Salvemos al turismo 26/4/2004
Por.Alexander Bonilla D.
Hemos manifestado en comentarios pasados que la contaminación en las
playas, la basura, el “despelote”, la tomada de licor, y el tránsito
de vehículos y motos en las playas debe controlarse y regularse.
Estamos de acuerdo en lo que nos han dicho algunos costarricenses preocupados
por la situación . Ellos nos dicen que no son solo los “chiquitos
de papi” los que causan problemas en las playas, también son familias
enteras de clase media los que andan con licor y a altas velocidades, y tarde
o temprano van a causar un accidente.
No estamos en contra de las tiendas de campaña. Pero sí somos
claros en que muchos inconscientes cortan árboles ,hacen sus necesidades
en cualquier lado, ponen los equipos de sonido a todo volumen y guindan ropa
por todo lado. En las playas lo que debe privar es un sistema de acampar como
el que priva en los parques nacionales, con áreas determinadas y controles
ambientales y sanitarios. Este rol y control deben asumirlos las Municipalidades
y porqué no con el apoyo de grupos comunales y los propios empresarios
turísticos.
Nuestras playas son libres y así deben mantenerse; pero en ellas no debe
permitirse la anarquía, el desorden ,la contaminación, el relajo.

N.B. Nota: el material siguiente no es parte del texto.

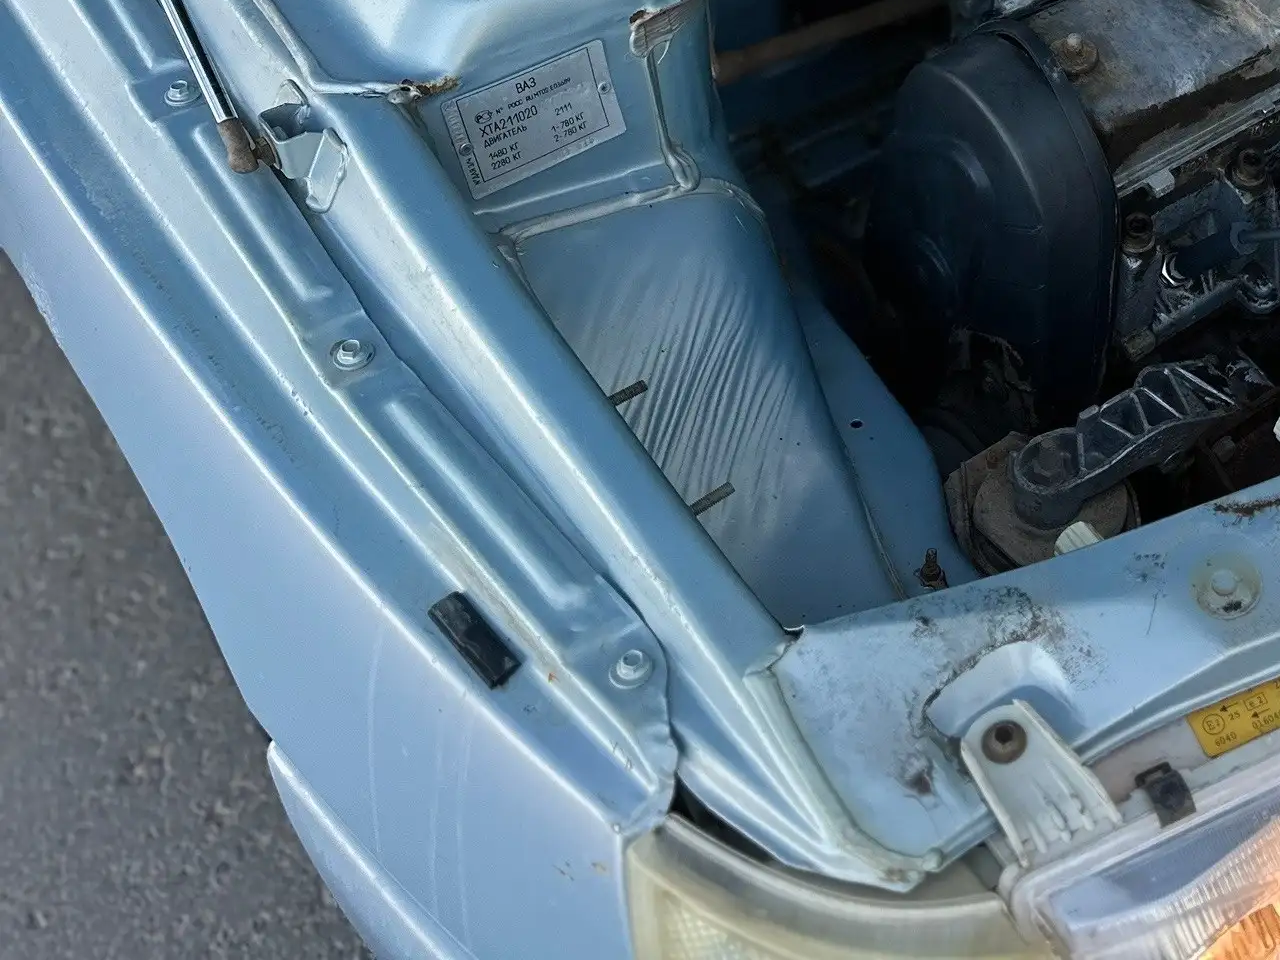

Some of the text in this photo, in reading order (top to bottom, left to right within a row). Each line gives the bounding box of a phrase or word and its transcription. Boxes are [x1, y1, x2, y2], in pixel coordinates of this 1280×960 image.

[478, 105, 538, 138] XTA211020
[482, 102, 573, 149] ДВИГАТЕЛЬ 2111
[575, 111, 585, 123] КГ
[578, 120, 588, 133] КГ
[488, 141, 520, 161] 1480 КГ
[491, 150, 522, 171] 2280 КГ

En consecuencia, propugnamos, como lo dijimos, por planificar el uso de las
playas, donde se establezcan lugares especiales para acampar y se pongan en
claro las reglas del juego ambientales y sanitarias.
Todos, ciudadanos, veraneantes, autoridades , el ICT, empresarios turísticos,
grupos de conservación , todos, tenemos que buscar un ordenamiento turístico
en nuestras playas, porque de lo contrario las contaminaremos y alejaremos al
turismo internacional y hata el local.